**Your objective:** Transcribe every entry word for word, but drop the pictures.

- - - - -

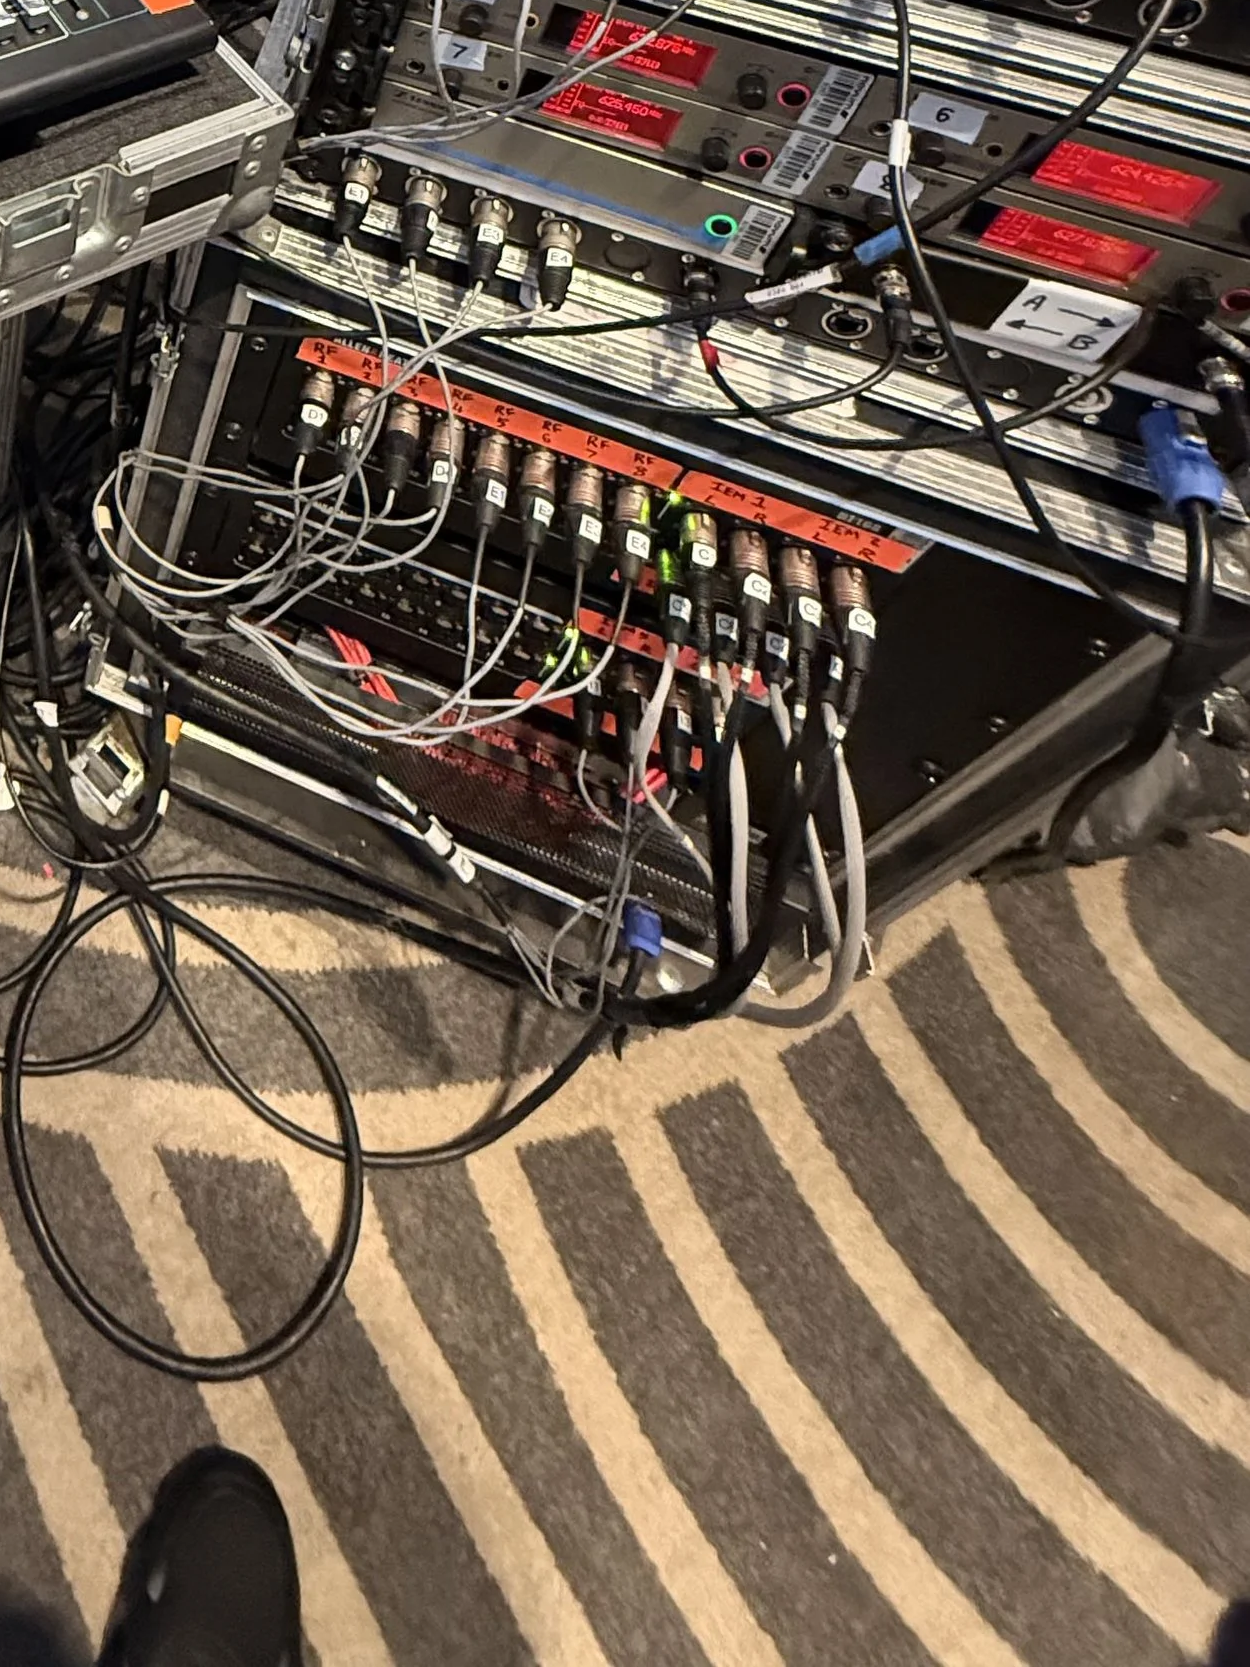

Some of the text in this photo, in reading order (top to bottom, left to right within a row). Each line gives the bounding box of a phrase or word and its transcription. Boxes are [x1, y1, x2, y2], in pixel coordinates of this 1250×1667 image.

[452, 43, 468, 59] 7
[598, 95, 650, 117] 625.450
[935, 107, 955, 123] 6
[348, 186, 364, 200] E1
[1022, 294, 1048, 312] A
[1068, 334, 1098, 351] B
[308, 409, 324, 420] D1
[491, 487, 506, 501] E1
[711, 482, 767, 508] IEM 1
[704, 494, 767, 524] L R
[818, 518, 859, 540] IEM
[631, 536, 647, 549] E4
[812, 532, 877, 562] L R
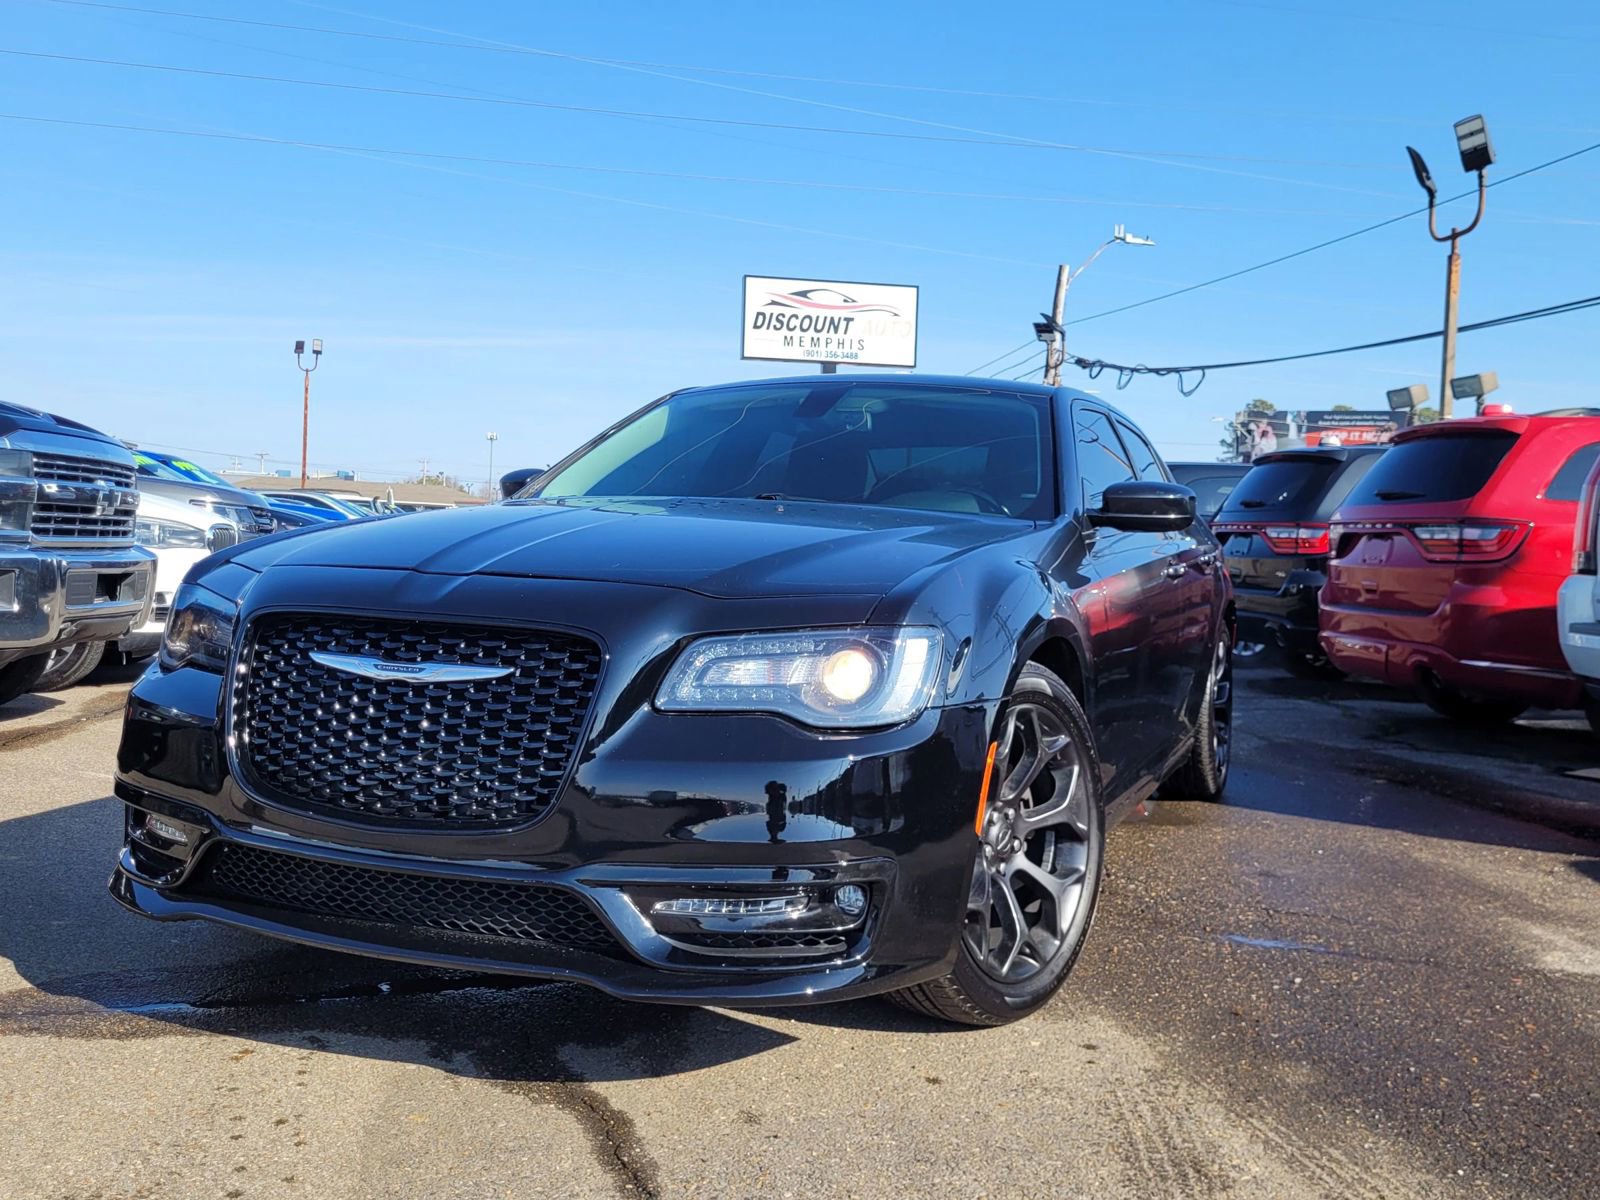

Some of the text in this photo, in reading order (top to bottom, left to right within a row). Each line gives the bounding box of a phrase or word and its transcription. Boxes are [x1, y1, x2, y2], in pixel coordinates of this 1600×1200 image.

[752, 311, 855, 335] DISCOUNT
[783, 335, 865, 350] MEMPHIS
[803, 350, 858, 360] (901) 356-3488

- - - - -

**Worked solution:**
Some of the text in this photo, in reading order (top to bottom, left to right within a row). Each line gives the bounding box of a phrase or word and its transcription. Boxes are [x1, y1, x2, y2], in pixel coordinates of this 1250×1667 image.

[452, 43, 468, 59] 7
[598, 95, 650, 117] 625.450
[935, 107, 955, 123] 6
[348, 186, 364, 200] E1
[1022, 294, 1048, 312] A
[1068, 334, 1098, 351] B
[308, 409, 324, 420] D1
[491, 487, 506, 501] E1
[711, 482, 767, 508] IEM 1
[704, 494, 767, 524] L R
[818, 518, 859, 540] IEM
[631, 536, 647, 549] E4
[812, 532, 877, 562] L R

Some of the text in this photo, in reading order (top to bottom, left to right within a row). Each line gives the bounding box of a phrase or word and its transcription. Boxes are [x1, y1, x2, y2], in pixel coordinates of this 1600×1200 image.

[752, 311, 855, 335] DISCOUNT
[783, 335, 865, 350] MEMPHIS
[803, 350, 858, 360] (901) 356-3488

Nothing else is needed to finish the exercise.